With my toast in hand, I went to sit on the couch. I literally slumped in it while eating my breakfast in peace. It was the first time in a long time. I looked at the screen where images of animals that had absolutely nothing to do with Alaska paraded. The commentator spoke of anomalous phenomena, maybe a consequence of global warming that was altering the behavior and habits of wildlife.

I changed the channel, wanting something lighter than news speaking of humanity leading the Earth to its destruction. Unfortunately, I quickly gave up finding something of interest. Bored, I decided to get some fresh air. I got up, picked a nice warm blanket, went on the porch and placed it down on the old wooden bench that was there. As I sat on the ancient seat, I realized how much this place harbored memories of a life that seemed trivial at the time but so nice and peaceful when I thought of it now. Back at that time, there was no secret, no problem, no suffering in my existence.

The memories began to flood me. I saw this familiar scene of my childhood, as if it took place at this very moment. Tess, sitting on the bench, a cookbook in hand, with her face marked by wrinkles, proof that she had smiled repeatedly during her existence. Her old glasses with brown chipped frames falling on her nose. Her white hair perpetually escaping from her bun. She was watching us from her seat while I played outside with Hayden and Jeremiah, a childhood friend who had now moved away. Then, when we were tired of our games, she took us to the kitchen to feed us cookies and hot chocolate.

It seemed light years ago now. It looked like another life, one that had nothing to do with the person I had become. I forced myself to relegate the ghosts of the past to a corner of my mind, where they would be staying. Therefore, I tried to enjoy the good air to clear my head. The moment of respite didn’t last long because I saw a shape on the other side of the road, not far from the field opposite the house. The bark that followed assured me that the form was indeed a dog. A black dog. I stood up and walked over to the railing while watching the animal more closely. It looked like a pet and not a wild animal. However, it wasn’t like any dogs belonging to the people of Mensen.

Time passed. He remained motionless, as if waiting for me to come to him. Telling myself that maybe the animal acted like this because it was hurt, I descended the four steps of the porch and walked slowly toward it, cautious not to frighten it. As I approached, I felt an uncontrollable urge to move forward.

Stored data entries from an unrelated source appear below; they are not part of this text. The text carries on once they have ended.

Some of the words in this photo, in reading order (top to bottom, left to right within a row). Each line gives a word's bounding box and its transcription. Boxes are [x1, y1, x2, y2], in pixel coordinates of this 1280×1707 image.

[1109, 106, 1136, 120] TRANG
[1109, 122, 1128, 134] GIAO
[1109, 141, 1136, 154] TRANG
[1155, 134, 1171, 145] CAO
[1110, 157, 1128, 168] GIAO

Back away! Right now! Back home!
I blinked and stopped. I had the strange feeling that my body had escaped my control, for a few moments. This voice that resonated in my mind was that of Tess! I tried to get over the shock. It was totally incomprehensible. The dog growled fiercely on the other side of the road when it realized that I no longer moved. I returned gradually to reality, leaving my kind of trance and watched the beast, stunned. How could I want to get close to this animal? Rage emanated from its attitude. And suddenly, a crow landed on its back. The two animals looked at me. I felt goosebumps settle down my arms. All this was not normal. Never before in my life have I seen a dog that does not run after a bird when it had one near. Let alone one that let a crow land on it without flinching.

Here we go again...The bizarre events were back...
A wave of adrenaline surged through me and I stepped back, without taking my eyes from them even for a second. A concert of cawing and barking accompanied my flight. Suddenly, the crow flew away and began to circle around the dog while it moved slowly towards me, head down and fangs exposed. Panic overwhelmed me. I turned and ran at full speed toward the house. The intensity of the barking augmented while the crow chirped even more. I redoubled my efforts and sprinted to the entrance. I went in and closed the door before locking myself away. Outside, the barking and cawing continued.